Problem details — While copying the entries exactly, leave out each picture they contain.

Top of Provided information

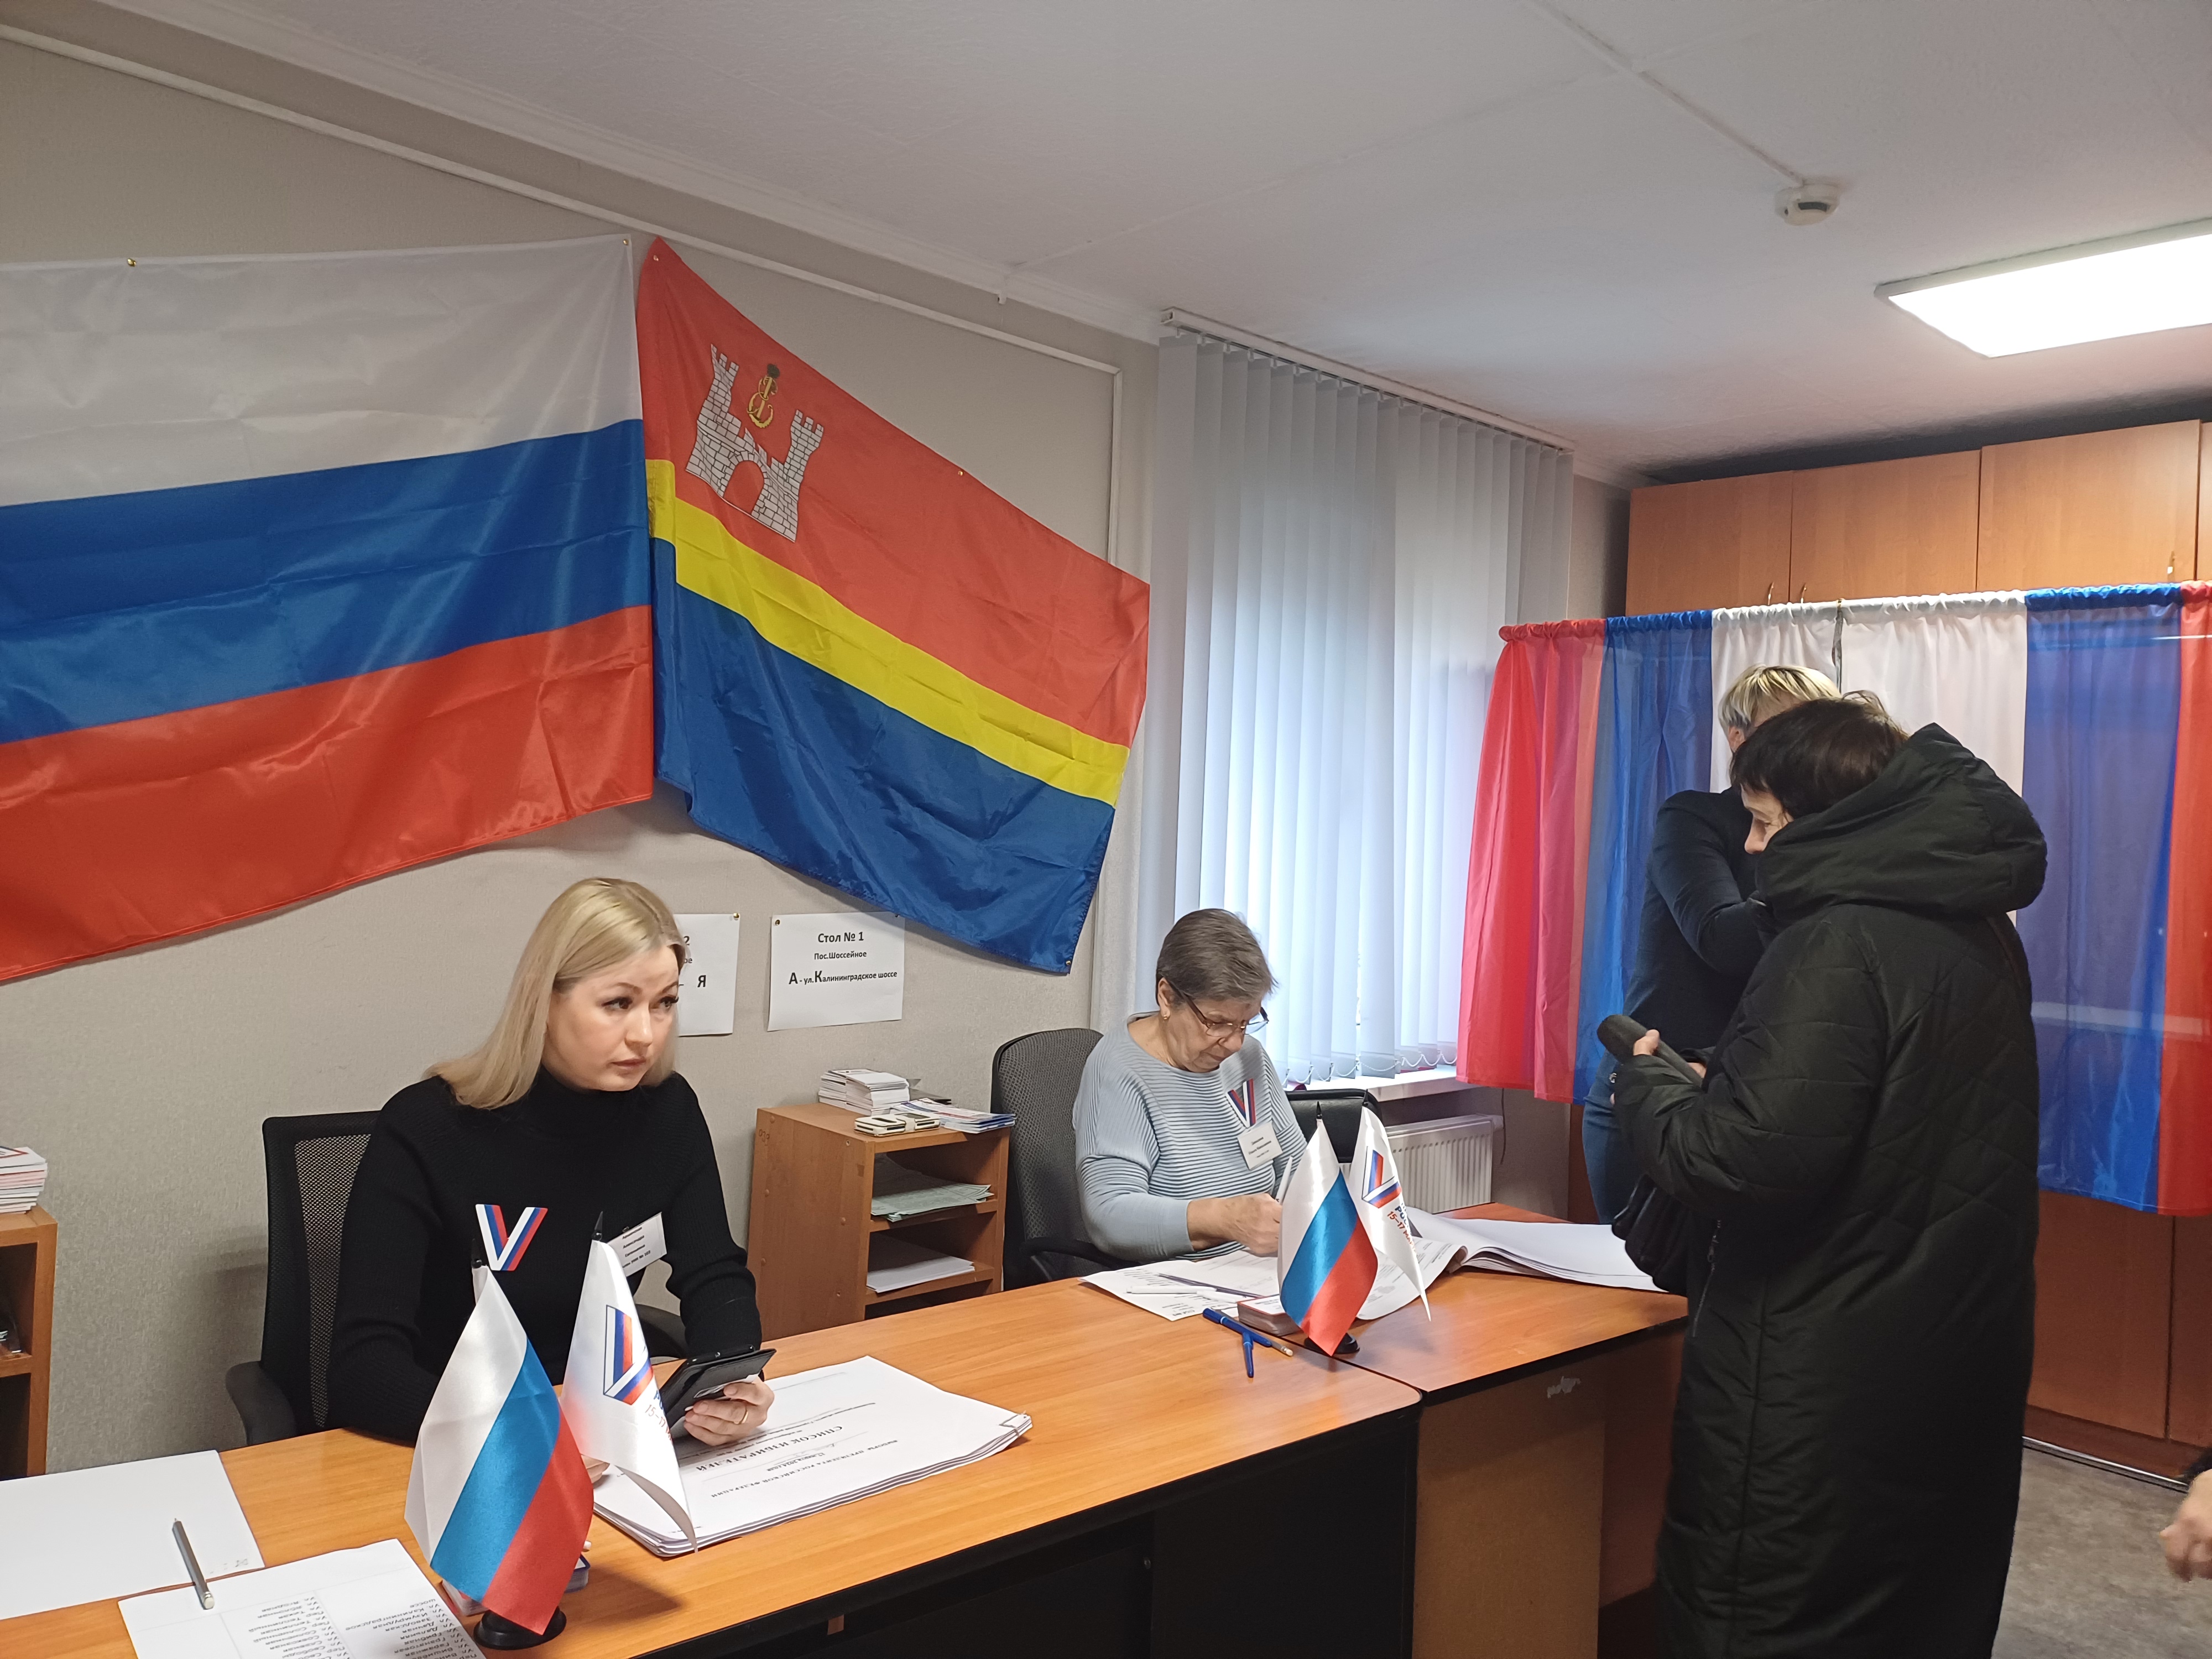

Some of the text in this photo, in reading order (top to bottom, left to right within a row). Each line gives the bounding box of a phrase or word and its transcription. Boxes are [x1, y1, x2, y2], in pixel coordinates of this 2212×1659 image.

[684, 936, 690, 946] 2
[818, 932, 864, 943] Стол № 1
[814, 951, 867, 960] Пос.Шоссейное
[697, 975, 706, 988] Я
[789, 972, 798, 984] А
[804, 971, 877, 985] ул.Калининградское
[790, 1426, 843, 1444] СПИСОК
[696, 1441, 789, 1472] ИЗБИРАТЕЛЕЙ
[762, 1464, 815, 1483] РОССИЙСКОЙ
[711, 1481, 760, 1498] ФЕДЕРАЦИИ
[410, 1598, 436, 1608] шоссе
[345, 1608, 424, 1631] Калининградское
[373, 1612, 427, 1630] Изумрудная
[385, 1617, 431, 1632] Заводская
[400, 1626, 438, 1640] Дальняя
[402, 1621, 435, 1634] Дачная
[394, 1637, 446, 1653] Гранатовая
[404, 1632, 442, 1645] Грибная
[282, 1646, 326, 1658] Свободы
[405, 1642, 450, 1657] Гаражная

Bottom of Provided information

Worked solution —
Some of the text in this photo, in reading order (top to bottom, left to right within a row). Each line gives the bounding box of a phrase or word and its transcription. Boxes are [x1, y1, x2, y2], in pixel coordinates of this 2212×1659 image.

[684, 936, 690, 946] 2
[818, 932, 864, 943] Стол № 1
[814, 951, 867, 960] Пос.Шоссейное
[697, 975, 706, 988] Я
[789, 972, 798, 984] А
[804, 971, 877, 985] ул.Калининградское
[790, 1426, 843, 1444] СПИСОК
[696, 1441, 789, 1472] ИЗБИРАТЕЛЕЙ
[762, 1464, 815, 1483] РОССИЙСКОЙ
[711, 1481, 760, 1498] ФЕДЕРАЦИИ
[410, 1598, 436, 1608] шоссе
[345, 1608, 424, 1631] Калининградское
[373, 1612, 427, 1630] Изумрудная
[385, 1617, 431, 1632] Заводская
[400, 1626, 438, 1640] Дальняя
[402, 1621, 435, 1634] Дачная
[394, 1637, 446, 1653] Гранатовая
[404, 1632, 442, 1645] Грибная
[282, 1646, 326, 1658] Свободы
[405, 1642, 450, 1657] Гаражная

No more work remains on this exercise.